▶ Material for this task:
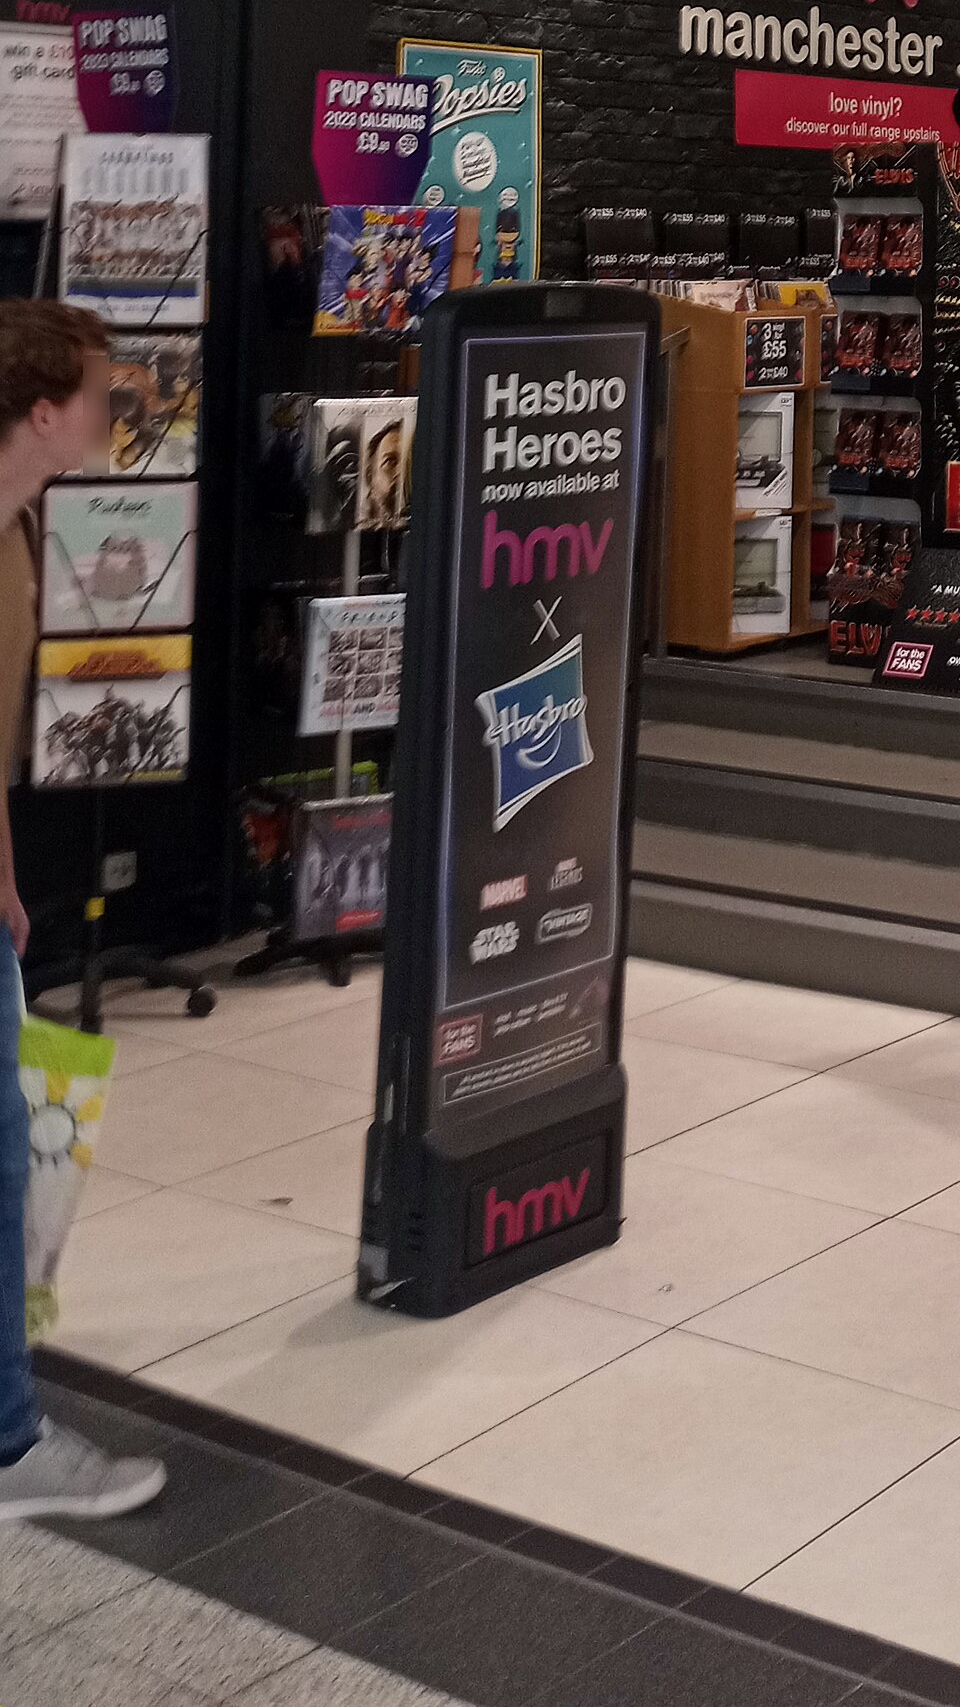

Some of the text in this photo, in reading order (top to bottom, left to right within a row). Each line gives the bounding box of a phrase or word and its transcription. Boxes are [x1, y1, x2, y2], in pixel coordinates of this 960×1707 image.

[79, 13, 168, 47] POP SWAG
[679, 5, 943, 76] manchester
[326, 80, 428, 110] POP SWAG
[829, 91, 903, 118] love vinyl?
[322, 111, 426, 131] 2023 CALENDARS
[786, 117, 940, 141] discover our full range upstairs
[875, 168, 915, 184] ELVIS
[762, 322, 772, 341] 3
[762, 340, 787, 360] £55
[484, 370, 626, 419] Hasbro
[482, 426, 622, 473] Heroes
[480, 469, 620, 504] now available at
[480, 510, 615, 589] hmv
[890, 657, 923, 671] FANS
[896, 647, 925, 659] for the
[483, 695, 588, 747] Hasbro
[471, 921, 520, 948] STAR
[441, 1036, 475, 1058] FANS
[483, 1167, 590, 1255] hmv
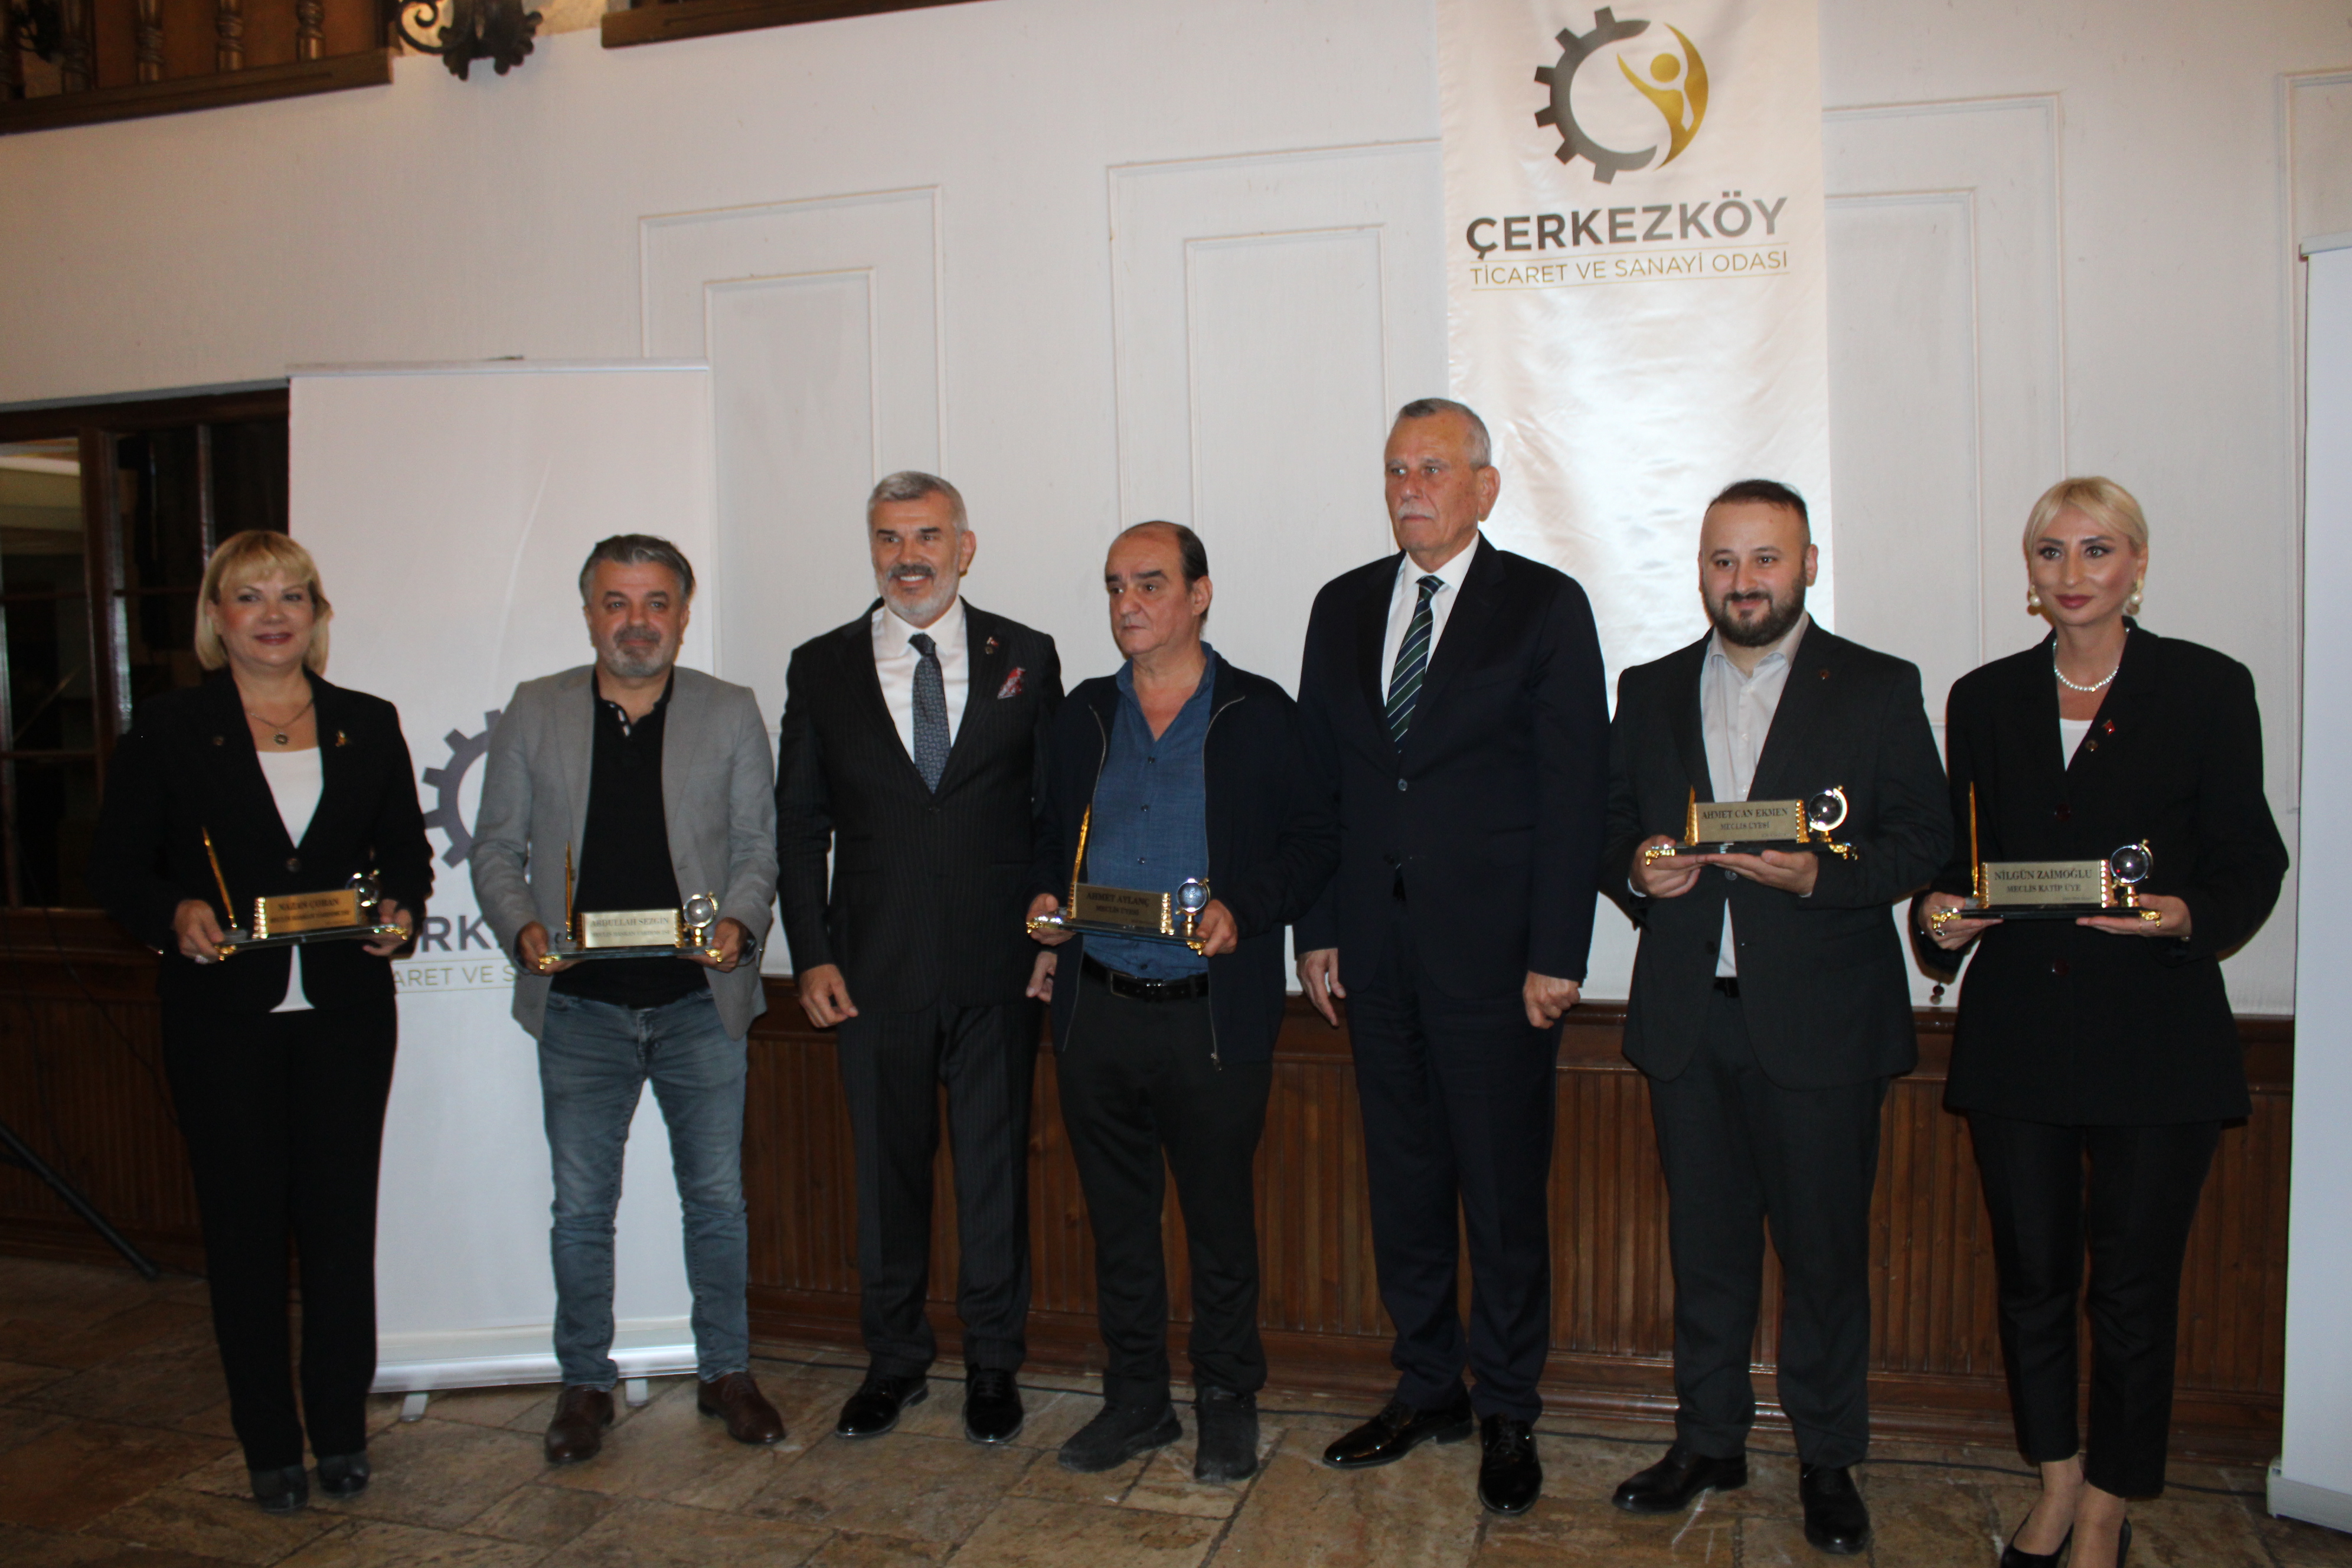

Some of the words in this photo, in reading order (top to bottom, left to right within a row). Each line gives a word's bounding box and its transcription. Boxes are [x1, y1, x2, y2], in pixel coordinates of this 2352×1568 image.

▶ Work order:
Excluding every picture, write out each record word for word.

▶ Your response:
Some of the text in this photo, in reading order (top to bottom, left to right within a row). Each line gives the bounding box of a phrase or word and its transcription. Boxes are [x1, y1, x2, y2], in pixel coordinates of this 960×1707 image.

[79, 13, 168, 47] POP SWAG
[679, 5, 943, 76] manchester
[326, 80, 428, 110] POP SWAG
[829, 91, 903, 118] love vinyl?
[322, 111, 426, 131] 2023 CALENDARS
[786, 117, 940, 141] discover our full range upstairs
[875, 168, 915, 184] ELVIS
[762, 322, 772, 341] 3
[762, 340, 787, 360] £55
[484, 370, 626, 419] Hasbro
[482, 426, 622, 473] Heroes
[480, 469, 620, 504] now available at
[480, 510, 615, 589] hmv
[890, 657, 923, 671] FANS
[896, 647, 925, 659] for the
[483, 695, 588, 747] Hasbro
[471, 921, 520, 948] STAR
[441, 1036, 475, 1058] FANS
[483, 1167, 590, 1255] hmv

Some of the words in this photo, in reading order (top to bottom, left to right within a row). Each line gives a word's bounding box and its transcription. Boxes are [x1, y1, x2, y2], in pixel coordinates of this 2352×1568 image.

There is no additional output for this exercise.